We all played Salt and Sanctuary, right? It was a solid two-dimensional 'Soulsborne' style action RPG, with a high difficulty level but a strong sense of balance and consistent feeling of progress. Enthusiasm, then, was somewhat prevalent for this sequel, Salt and Sacrifice. Unfortunately, we're a little disappointed with this offering, while still ultimately acknowledging that it's a pretty good time.
See, this second instalment offers a new feature — Mage Hunts. This adds some Monster Hunter special sauce to the double quarter pounder that is Salt and Sacrifice, and that sauce won't be to everybody's taste. You'll need to gather resources to summon Mages, chase down said Mages and murderlise 'em. If you fail and they, instead, murderlise you, they'll disappear from the map and the stuff you used to make them appear in the first place will be lost.
That's risk/reward, sure, but it's a rather arbitrary take on it. The structure has changed, too, with a focus on Demon's Souls-style discrete areas rather than one huge interconnected map, so getting around is no longer as breezy as it used to be — no teleporting to obelisks here. It's a grind by design, but not always the fun sort of grind.
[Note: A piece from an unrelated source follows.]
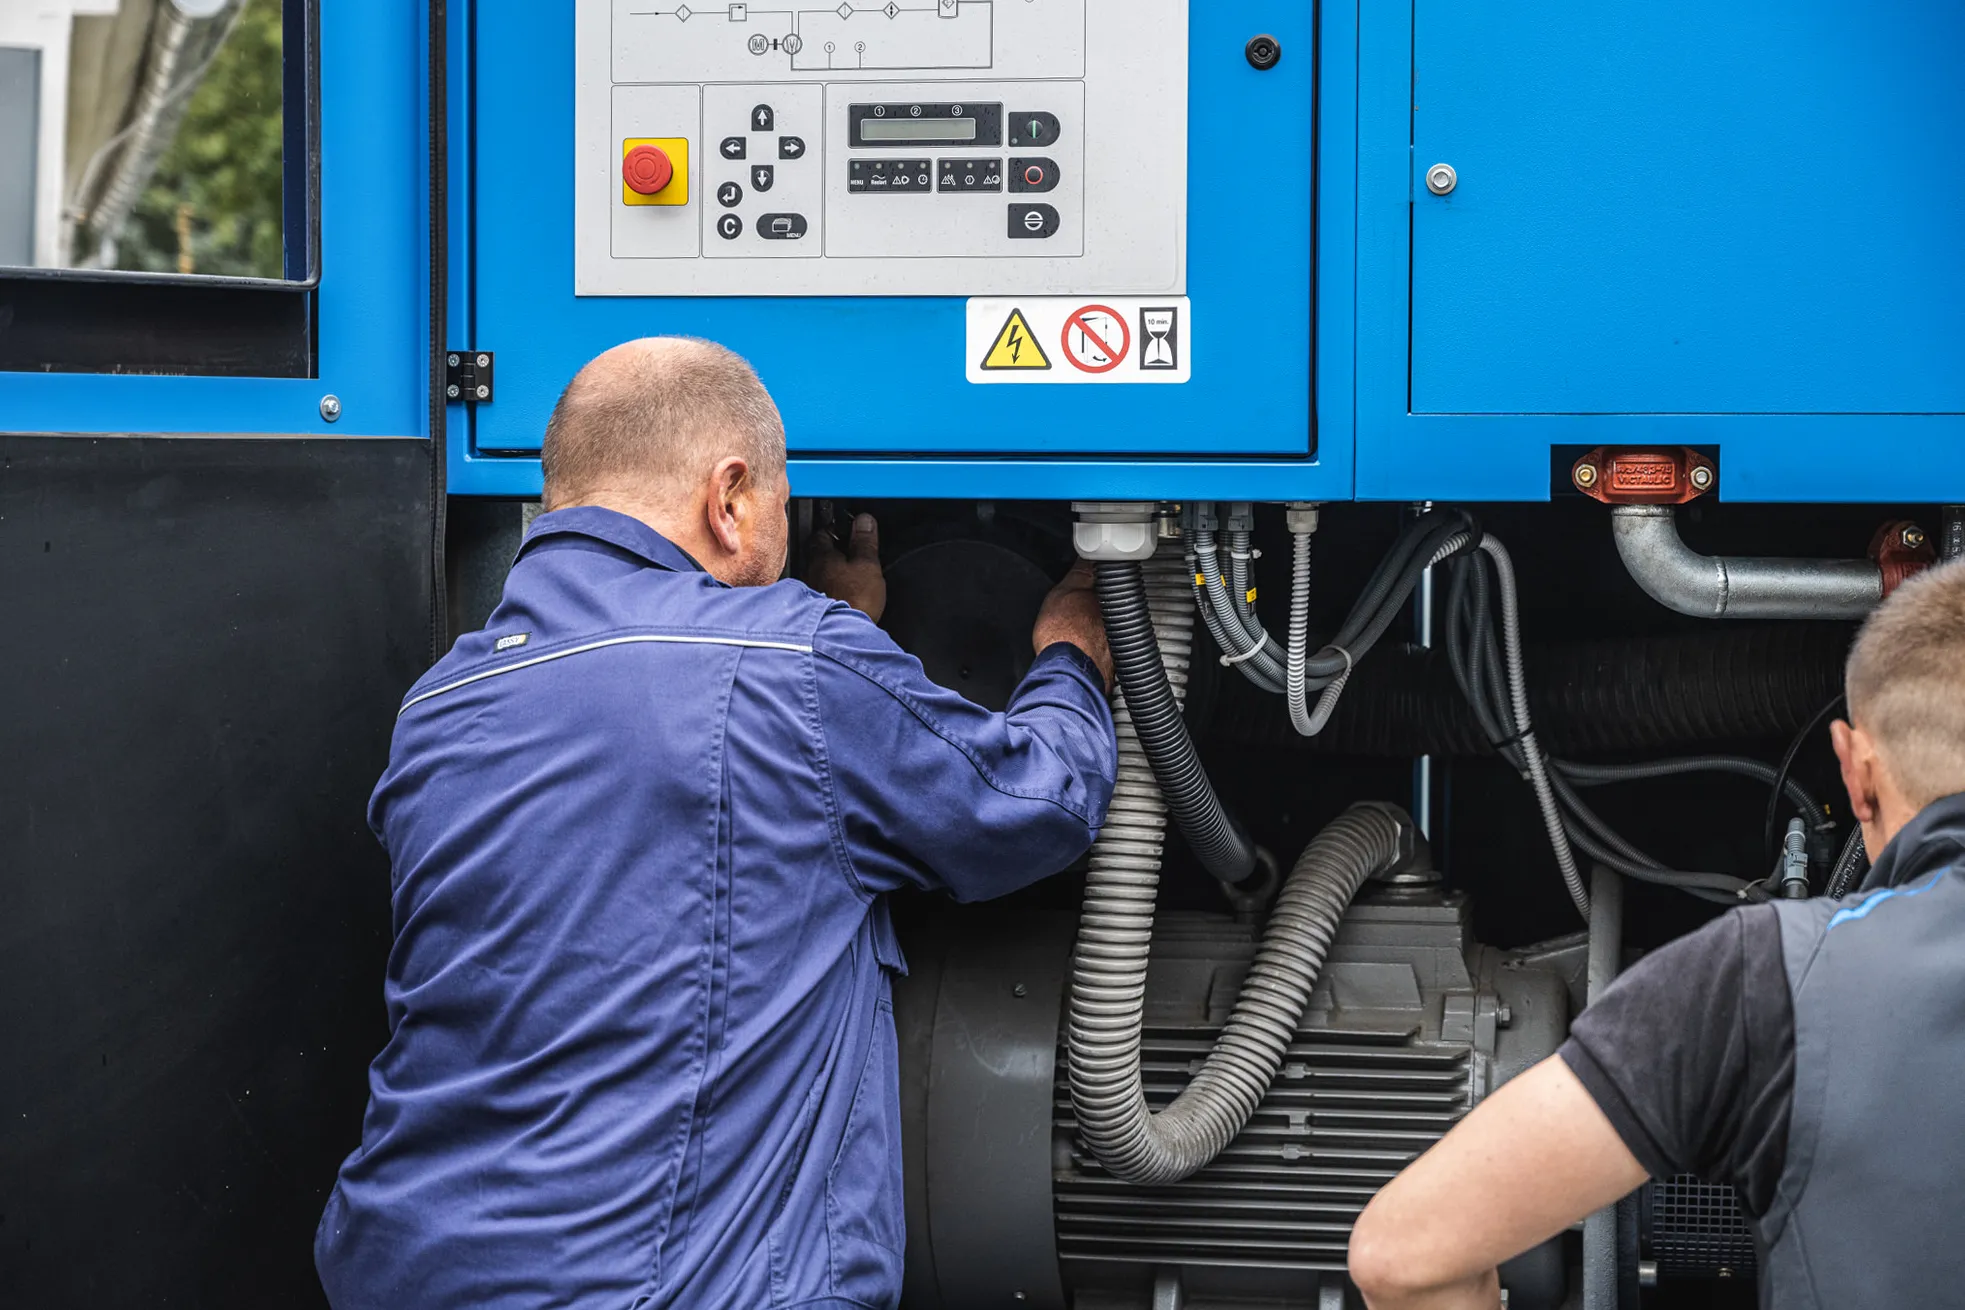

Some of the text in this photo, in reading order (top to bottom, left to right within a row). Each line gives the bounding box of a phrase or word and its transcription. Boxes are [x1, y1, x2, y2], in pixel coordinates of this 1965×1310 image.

[723, 218, 736, 235] C
[1156, 317, 1169, 325] min.
[1617, 474, 1671, 485] VICTAULIC
It's a shame, because so much of what's here is still so enjoyable. The combat is intense, challenging and varied, with a huge number of enemy types to battle against. You've got a ton of weapon options to tailor your build, and the capacity to level up seemingly hundreds of different stats in order to bring the fight to the Mages. It's just that those fights can be so unfair and one-sided due to the more random elements that can throw a spanner in the works. A brave attempt at something new, yes, but ultimately misguided.